Look at the very end of Acts 14–it describes the end of Paul and Barnabas’s trip. They grabbed a boat and went home to Antioch. “When they had arrived and gathered the church together, they began to report all things that God had done with them and how He had opened a door of faith to the Gentiles. 28And they spent a long time with the disciples” (Acts 14:27 to 28). They’d been gone a bit less than two years. The church that sent them out now welcomes them home.

The guys gather the whole church up to tell them what happened. It was a missions night report like no other. This became the habit whenever these men would be sent out. They’d be sent to the Jerusalem Council next year, and then they’d return again to Antioch. They’d each head out on a missionary journey after that, and return again to Antioch. Antioch was a safe space–it felt like coming home. It was a safe community.

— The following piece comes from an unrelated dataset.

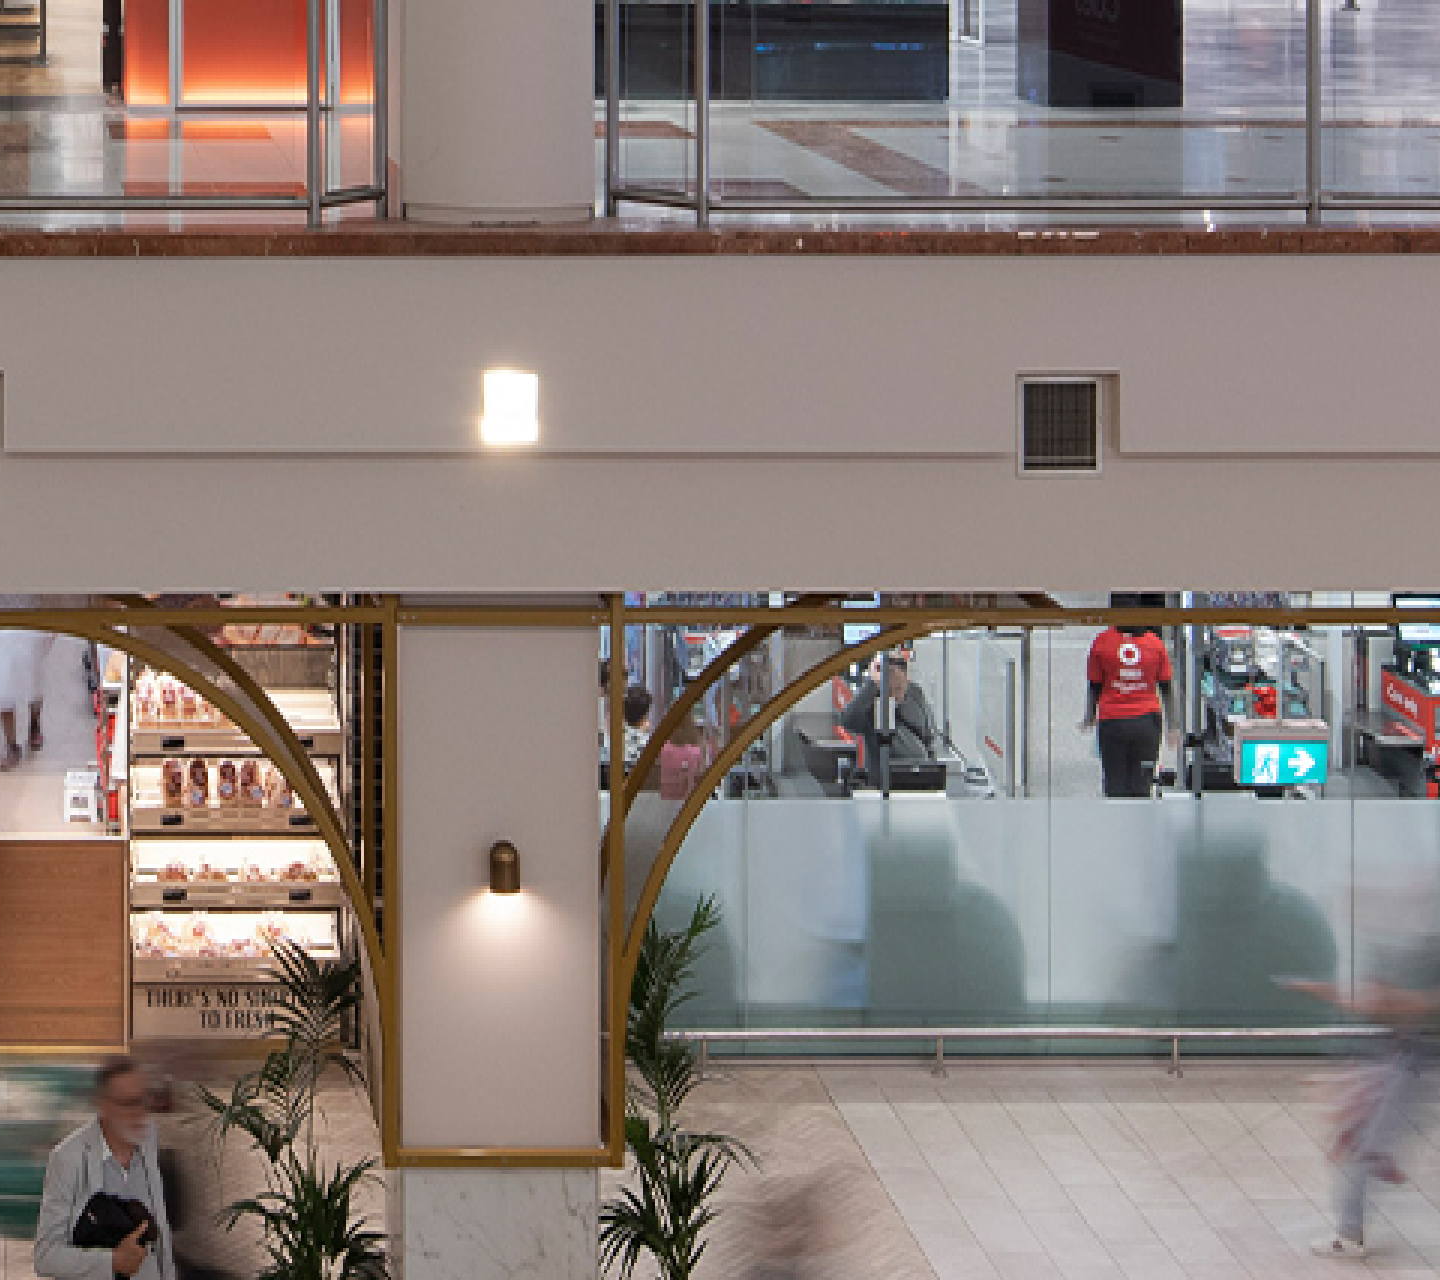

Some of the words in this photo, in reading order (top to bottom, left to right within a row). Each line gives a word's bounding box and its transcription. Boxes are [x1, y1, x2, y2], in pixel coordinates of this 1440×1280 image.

What’s especially interesting is that there is no real mention of Antioch in the Bible apart from the book of Acts. There are no letters sent there–no epistles. No mention by Jesus in Revelation. Here is why I believe the Bible is silent about Antioch. It was a healthy, safe community. The people there were well-taught. They were cared for by great shepherds.

According to church history, the apostle Peter would eventually pastor there. The church wasn’t perfect and it still had trials–but it was kept safely from wolves. It cared for its people and fed them the Word. It remained a place of truth and grace for a long time. A church endured there for almost 1,000 years after its founding. This is a church worth imitating. This is what we aim to become.

Chris, Nigel, Patrick, myself–we have a heart for people who’ve been hurt by church leaders. We want people to sense and experience what it’s like to be in a safe community. When you hear someone hurt or hurting, we want you to lean into them–to love them, to give them grace, and to patiently lead them to the Word of God. To show off Jesus Christ, who was full of grace and truth, in equal measure.

You shouldn’t need to hide when you’re at Faith Bible Church. We are all sinners. We know the depths and pains of our own disobedience. We have no right to be judge-y. And many here know the sweet taste of forgiveness. We know what it means to be made clean by the blood of Jesus. We are able to love others because He first loved us. A church filled with people like that, who are led by the Spirit and sacrificially love others, will be a safe and stable place. Antioch is a sweet church, and I think FBC is also. It doesn’t have the name I voted for, but it does have the same five core elements of church health.

Every time we send someone out. Every time we welcome someone in. Every time we listen to and follow God’s Word. Every time we give with hearts of generosity and sacrifice. We reflect God’s perfect design for His Church. I pray that the Lord gives us a long heritage of health at FBC.